Flatten Long-Range Loss Landscapes for Cross-Domain Few-Shot Learning
Yixiong Zou, Yicong Liu, Yiman Hu, Yuhua Li, Ruixuan Li
TL;DR
Cross-domain few-shot learning (CDFSL) struggles with transferring knowledge across domain shifts and finetuning on scarce target data. The authors extend loss-landscape analysis from parameter space to representation space (RSLL) and show that short-range flatness is insufficient for generalization, motivating long-range flattening through interpolation of differently normalized representations using the FLoR layer. They instantiate FLoR for both CNNs and Vision Transformers, with a Beta-distributed mixing parameter during base training and a learnable mix during finetuning, achieving state-of-the-art results across 8 cross-domain datasets (up to about 9% gains on some domains). The approach improves both transferability and few-shot finetuning and is supported by extensive ablations and analyses, with code to be released.
Abstract
Cross-domain few-shot learning (CDFSL) aims to acquire knowledge from limited training data in the target domain by leveraging prior knowledge transferred from source domains with abundant training samples. CDFSL faces challenges in transferring knowledge across dissimilar domains and fine-tuning models with limited training data. To address these challenges, we initially extend the analysis of loss landscapes from the parameter space to the representation space, which allows us to simultaneously interpret the transferring and fine-tuning difficulties of CDFSL models. We observe that sharp minima in the loss landscapes of the representation space result in representations that are hard to transfer and fine-tune. Moreover, existing flatness-based methods have limited generalization ability due to their short-range flatness. To enhance the transferability and facilitate fine-tuning, we introduce a simple yet effective approach to achieve long-range flattening of the minima in the loss landscape. This approach considers representations that are differently normalized as minima in the loss landscape and flattens the high-loss region in the middle by randomly sampling interpolated representations.

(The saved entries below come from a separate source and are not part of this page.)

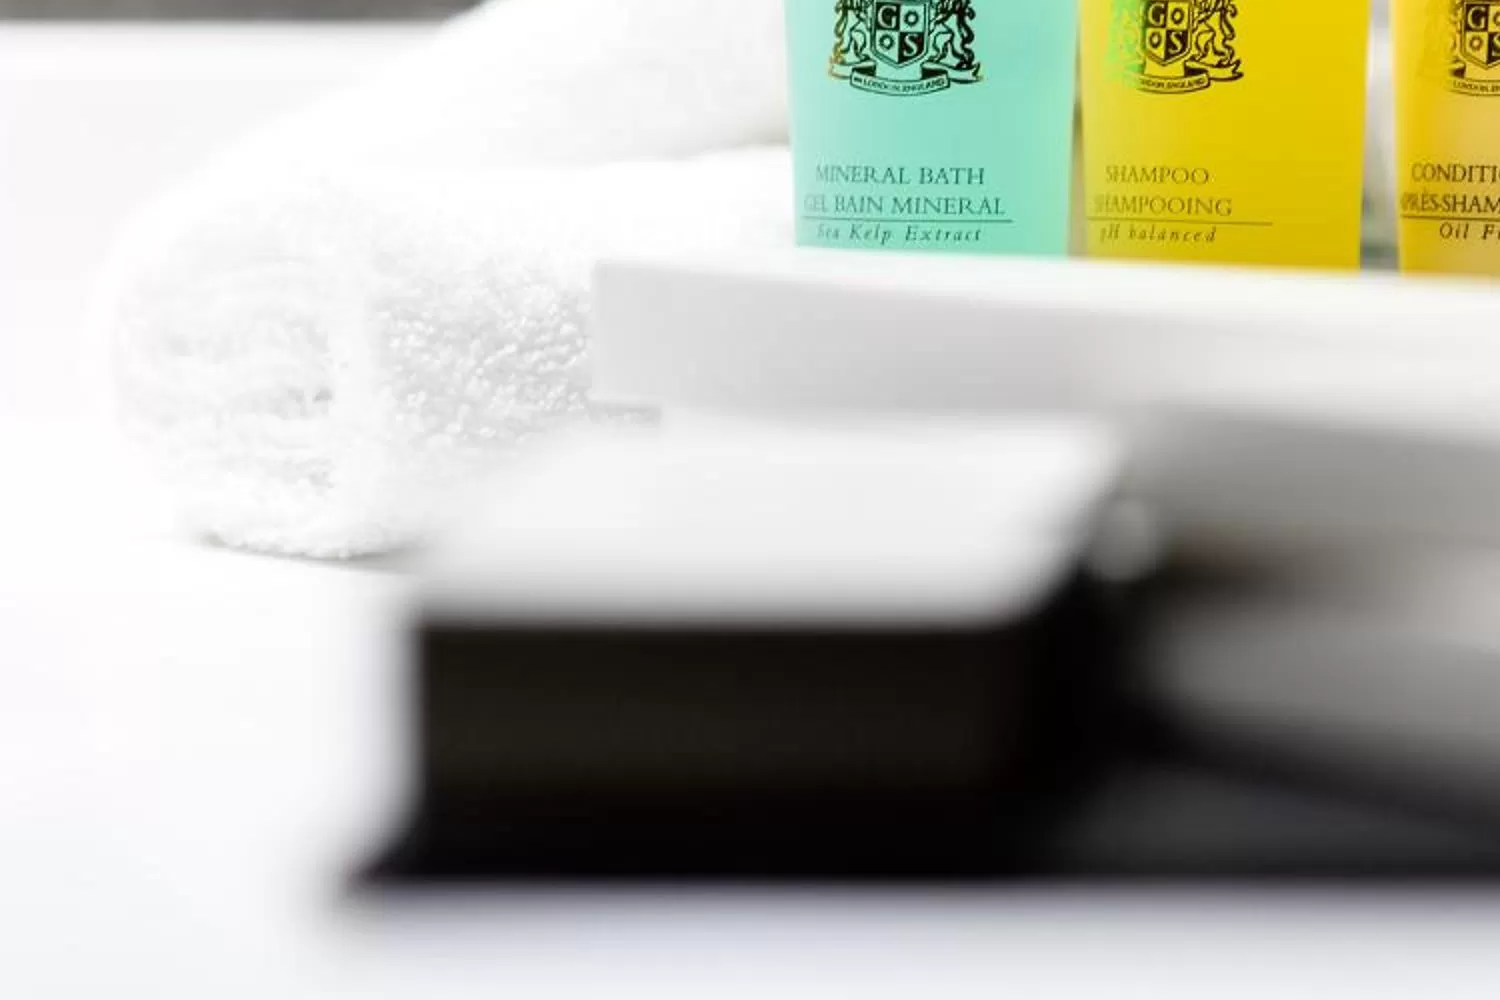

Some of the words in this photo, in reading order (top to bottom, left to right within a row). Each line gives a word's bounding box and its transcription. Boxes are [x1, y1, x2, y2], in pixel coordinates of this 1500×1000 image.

[877, 5, 897, 29] G
[1149, 3, 1166, 26] G
[1467, 6, 1486, 31] G
[903, 33, 920, 57] S
[1169, 31, 1186, 54] S
[816, 165, 911, 185] MINERAL
[919, 167, 985, 186] BATH
[1105, 165, 1210, 185] SHAMPOO
[835, 194, 884, 214] BAIN
[891, 196, 1006, 217] MINERAL
[849, 223, 892, 245] Kelp
[905, 224, 982, 243] Extract
[1129, 224, 1218, 243] balanced
[1440, 221, 1469, 240] Oil

We implement this method as a new normalization layer that replaces the original one in both CNNs and ViTs. This layer is simple and lightweight, introducing only a minimal number of additional parameters. Experimental results on 8 datasets demonstrate that our approach outperforms state-of-the-art methods in terms of average accuracy. Moreover, our method achieves performance improvements of up to 9\% compared to the current best approaches on individual datasets. Our code will be released.